The AST should only represent the syntax tree of your language. The objects making up the AST would generally not have any further functionality. Nice things like evaluating the AST or prettyprinting it can be implemented outside.
I generally use the Visitor Pattern for these external methods – given that I implement an accept_visitor method for each AST object, I can easily define various visitors that do the actually interesting stuff. One of these visitors could be an Evaluator, and that object would then hold the environment.
Here's an example in Scala, using pattern matching instead of the visitor pattern:
sealed abstract class Ast
case class Literal(value: Int) extends Ast
case class Var(name: String) extends Ast
case class Set(name: String, value: Ast) extends Ast
case class Add(left: Ast, right: Ast) extends Ast
case class Block(statements: Seq[Ast]) extends Ast
import scala.collection.mutable.HashMap
class Evaluator {
val env: HashMap[String, Int] = new HashMap()
def evaluate(ast: Ast): Int = ast match {
case Literal(value) => value
case Var(name) => env(name)
case Set(name, value) => { val v = evaluate(value); env(name) = v; v }
case Add(left, right) => evaluate(left) + evaluate(right)

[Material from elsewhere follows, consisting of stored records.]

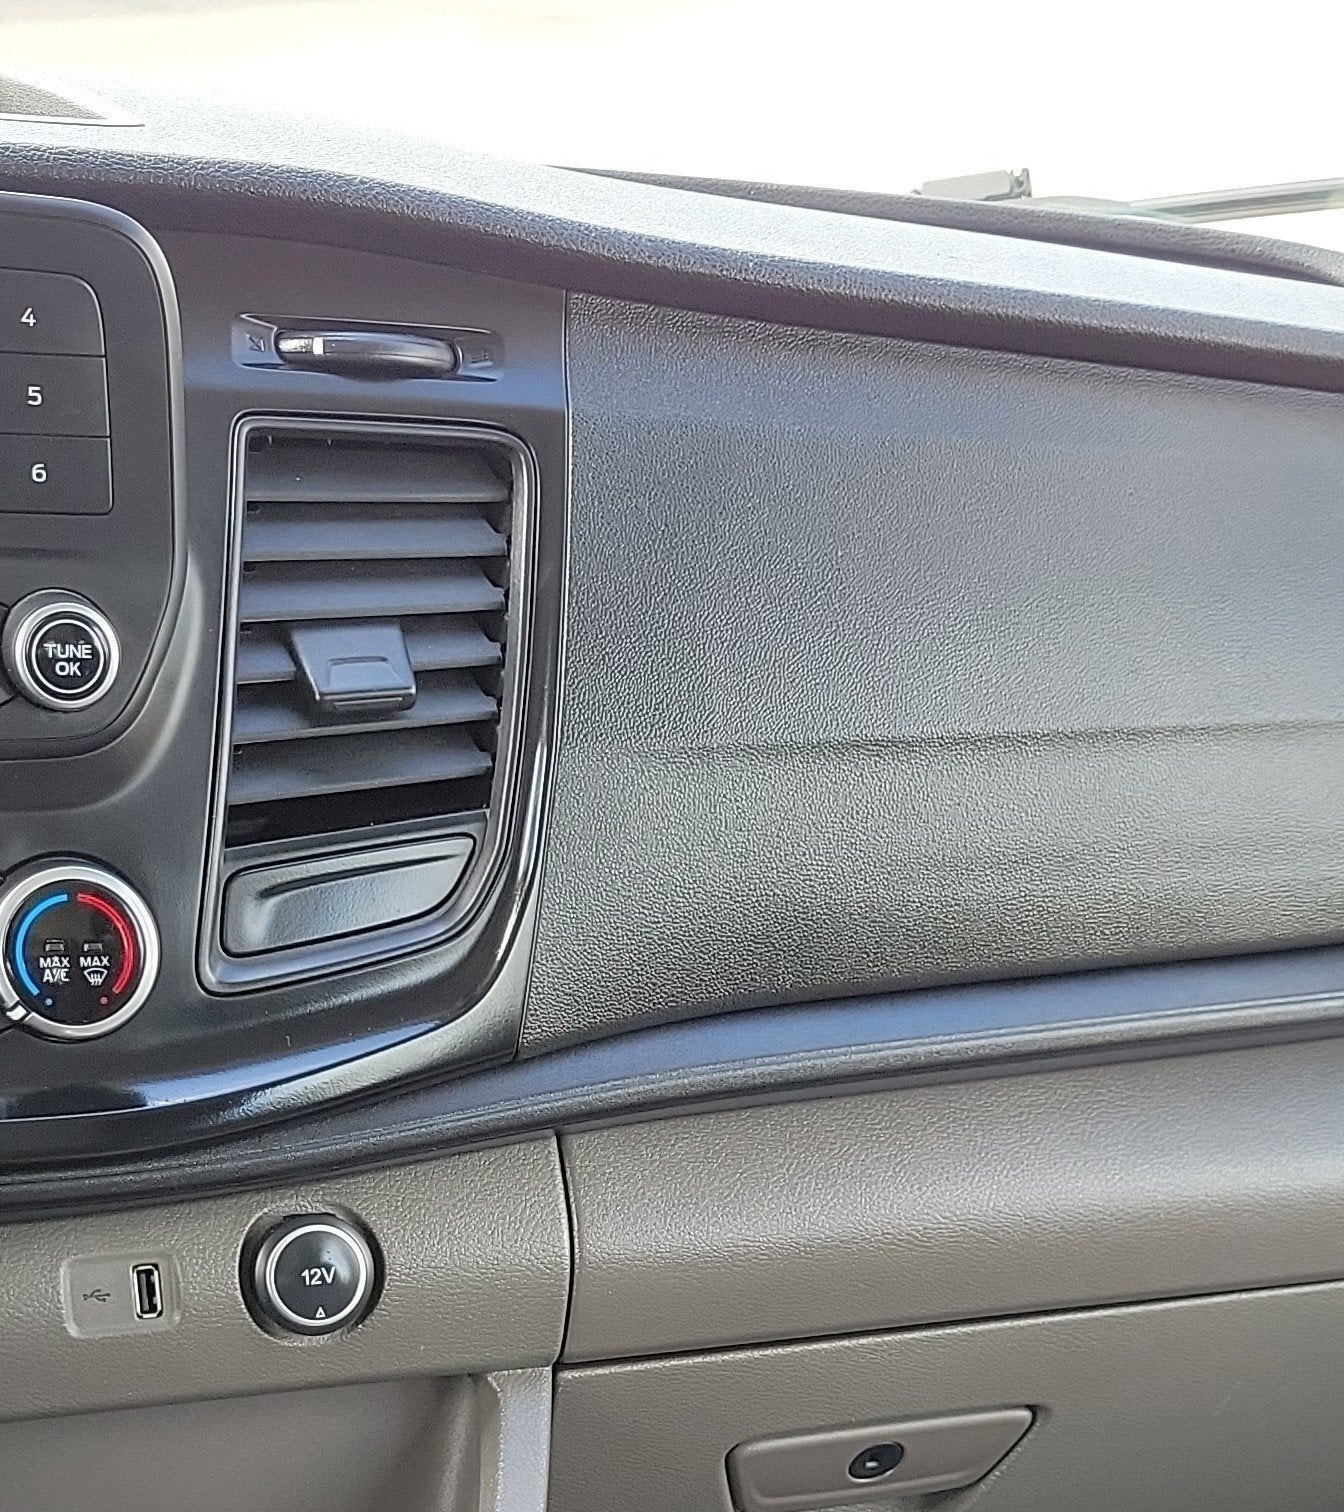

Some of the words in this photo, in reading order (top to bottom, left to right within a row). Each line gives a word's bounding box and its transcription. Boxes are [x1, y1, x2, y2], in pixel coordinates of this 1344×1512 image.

[20, 307, 37, 327] 4
[27, 386, 42, 406] 5
[31, 463, 47, 483] 6
[43, 642, 93, 661] TUNE
[54, 661, 82, 678] OK
[39, 956, 71, 968] MAX
[79, 955, 111, 968] MAX
[42, 968, 71, 983] A/C
[300, 1266, 337, 1287] 12V

case Block(statements) => statements.map(s => evaluate(s)).last
}
}
val ast = Block(Seq(
Set("x", Literal(40)),
Set("y", Literal(2)),
Add(Var("x"), Var("y"))
))
new Evaluator().evaluate(ast) //=> 42
Later, you might have nested scopes. The easiest solution to represent these nested scopes is to maintain a list of hash maps. If a variable is not found in the innermost hash map, we traverse the list of scopes until either the variable was found or we reach the end of the list. In such a case, care has to be taken when setting variables – new variables should be put in the innermost scope, whereas existing variables should be updated even when they are in an outer scope.